The frame of a plan.
Lauri Lynnxe Murphy
At the time, I had also faced a difficult choice. Newly divorced and deeply in debt after a former studio-mate skipped out on rent, I had to choose between not losing my studio or getting an apartment after moving out of our house. So I moved into the only available space in my jammed-full 500 square-foot studio: a 112 square foot closet with no windows or heat. I stayed warm enough with space heaters, and managed to squeeze in a rudimentary kitchen, my bed, my clothes closet and my office. I spent a lot of time in there, and began to realize...it wasn't all that bad. In fact, it was cozy, and even felt— dare I say — kind of spacious? I had pared it down to the basics, and I had almost everything I needed besides a bathroom, although the kitchen was more frustrating to use than the primitive facilities of my early twenties warehouse-living days: I cook a lot, and all from scratch, so not having a stove or oven got old quick, despite creative approaches that often blew fuses.
And what's more: It changed my habits. A lifelong slob, I suddenly became tidier. Upon getting a new pair of shoes, I pondered which had to go...something I had never done before. (I could rival a young Imelda Marcos on shoe hoarding, I'm sure.) I knew where everything was, and I questioned every new object that came into my room. And suddenly, I began seeing pictures of tiny houses popping up everywhere. I've always been intrigued by small spaces (I'd lived for fifteen years with my ex, a large dog, and four cats in a 700 square foot brick cottage.). And then it hit me, like an epiphany: the plan that changed everything.
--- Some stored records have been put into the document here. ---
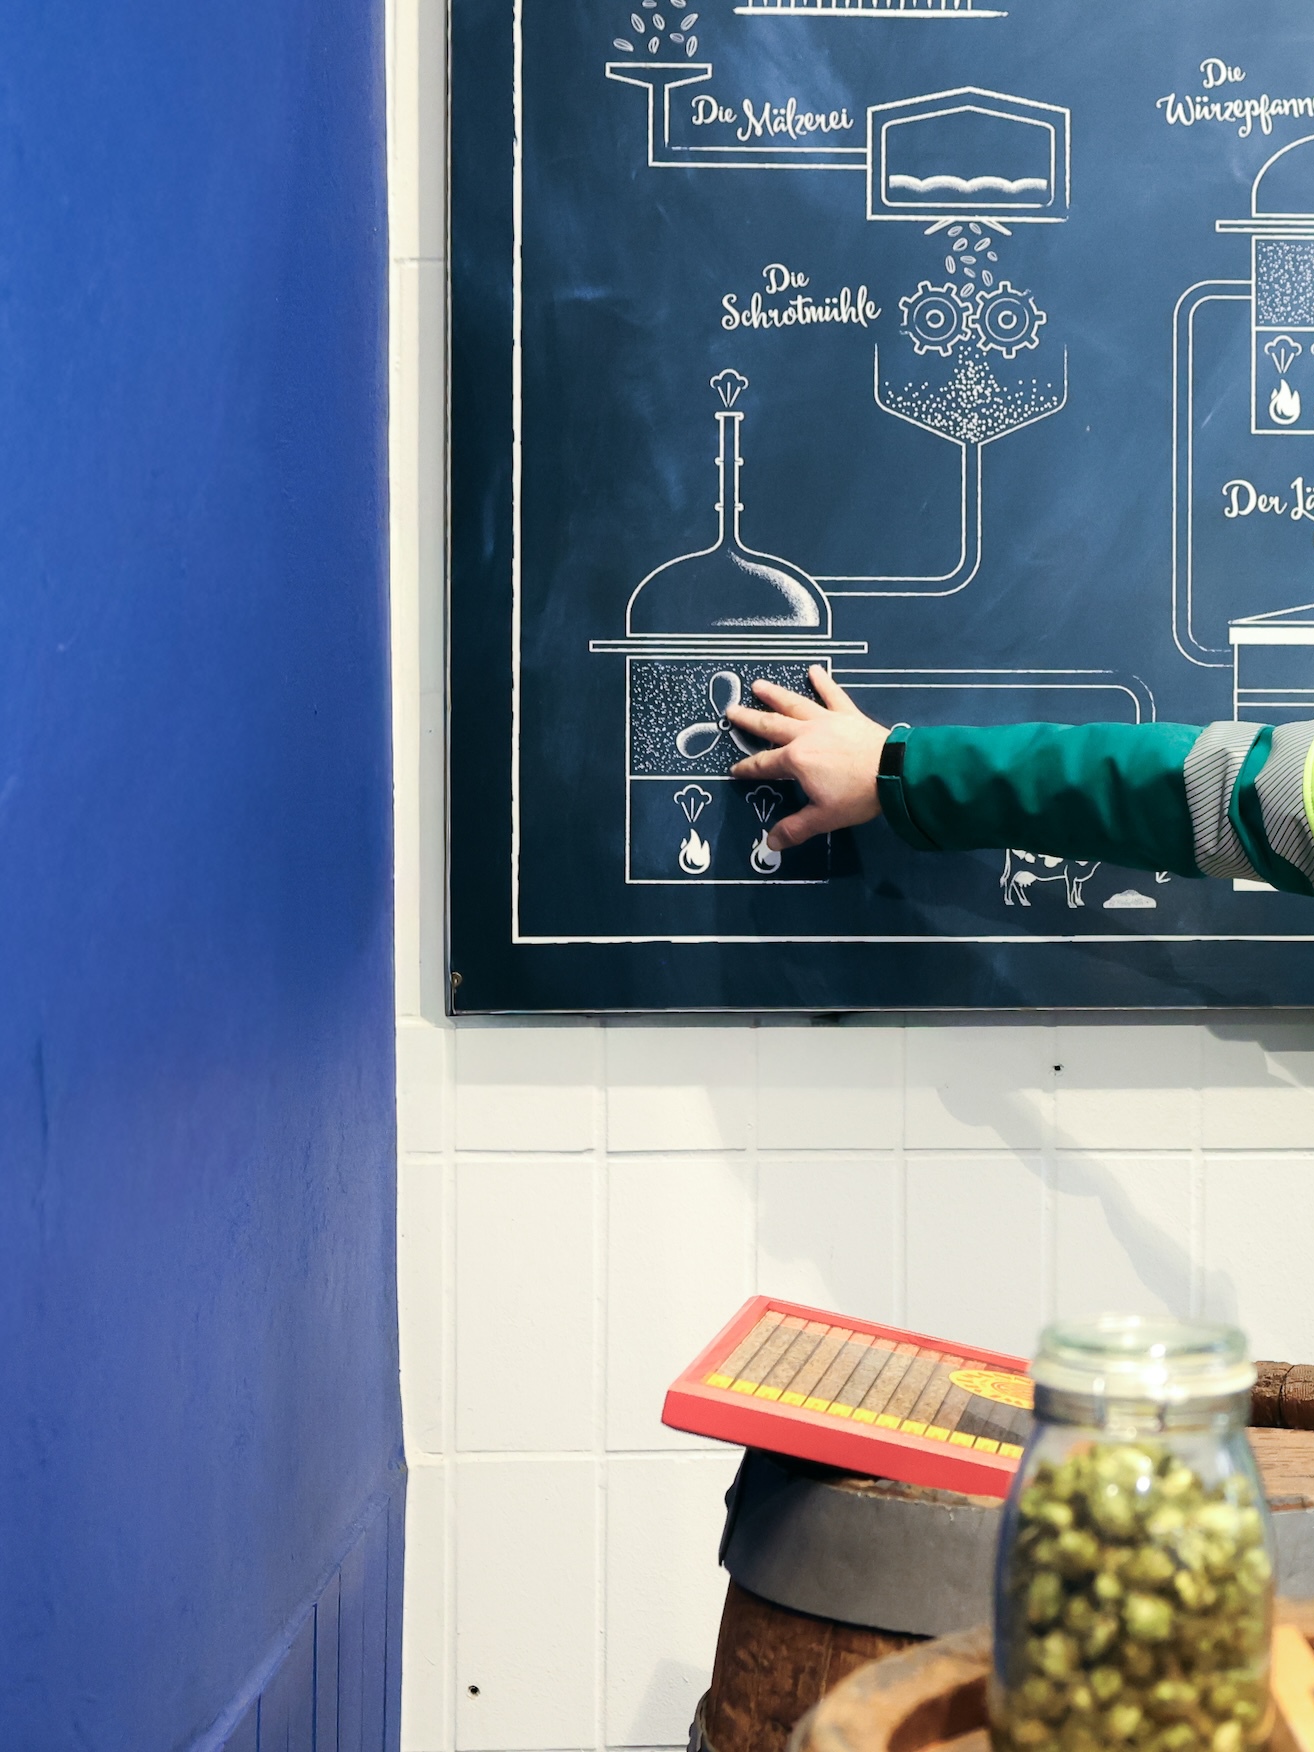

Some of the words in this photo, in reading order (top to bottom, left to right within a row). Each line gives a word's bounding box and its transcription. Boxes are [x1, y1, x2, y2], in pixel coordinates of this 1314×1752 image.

[1200, 58, 1246, 89] Die
[691, 94, 737, 125] Die
[737, 97, 854, 141] Mälzerei
[762, 263, 809, 294] Die
[721, 285, 882, 330] Schrotmühle
[1221, 479, 1287, 519] Der
The plan? To build a tiny house on wheels as a model of sustainability, get off the grid, and travel the country showing people what that looks like. To have real conversations at everything from schools to churches to farmers' markets about what it takes to be on solar, where your poop goes, and how to use grey water. But not only that: I'd also explain how scientists see what they see in ice core samples and plants uncovered by melting glaciers. Discuss why glaciers are calving, and why the forests of the west are burning. Answer what questions I could and check in with climate scientists and experts along the way. And in the process, make a film about these conversations around climate change, gentrification, sustainability and the future. About what we can do together, before it's too late.
Do I know how to do any of this? Hell no. But I'm willing to learn. I haven't known how to do most things I've embarked on in my career, and so far things have turned out okay. Currently I'm spending my life savings (and running out fast!) on building the house with my friend from grad school at The Ohio State University, Philip Spangler. Neither of us knows how to build a house, but being sculptors, we have most of the necessary skills, although we are definitely winging it. We have converted a twenty-foot dovetail trailer into a flatbed and it now has four framed walls, with a floor going in. I've gone all in on this...I have no backup plan, no exit strategy; this is now my life. And the project has a name: The Mayday Experiment. A name that encompasses both the hopefulness of spring and a call to alarm. And it is definitely an experiment, but I believe in the power of people connecting, one on one. Despite the mass media's insistence that we are a divided country, we are all in this together. And it's time we started listening to one another and sharing what we know. It's time for conversations.
So, consider this an invitation to join me as I figure all this out, build the house, get off the grid and travel around having conversations with ordinary people. Along the way I'll be documenting the U.S. now, including things like the drought-ridden towns of California and the shifting of fortunes in Detroit. But this is also an invitation to dialogue: Tell me where I should travel, start discussions on topics that concern you, or share your own tiny house stories. I'll be posting weekly to this blog while we wrap walls, figure out rainwater plumbing, learn about solar loads and, in the midst of all that, making some art. It's already been a strange, interesting journey, and it promises to only get stranger.
And yes, we will pull over for the rainbows.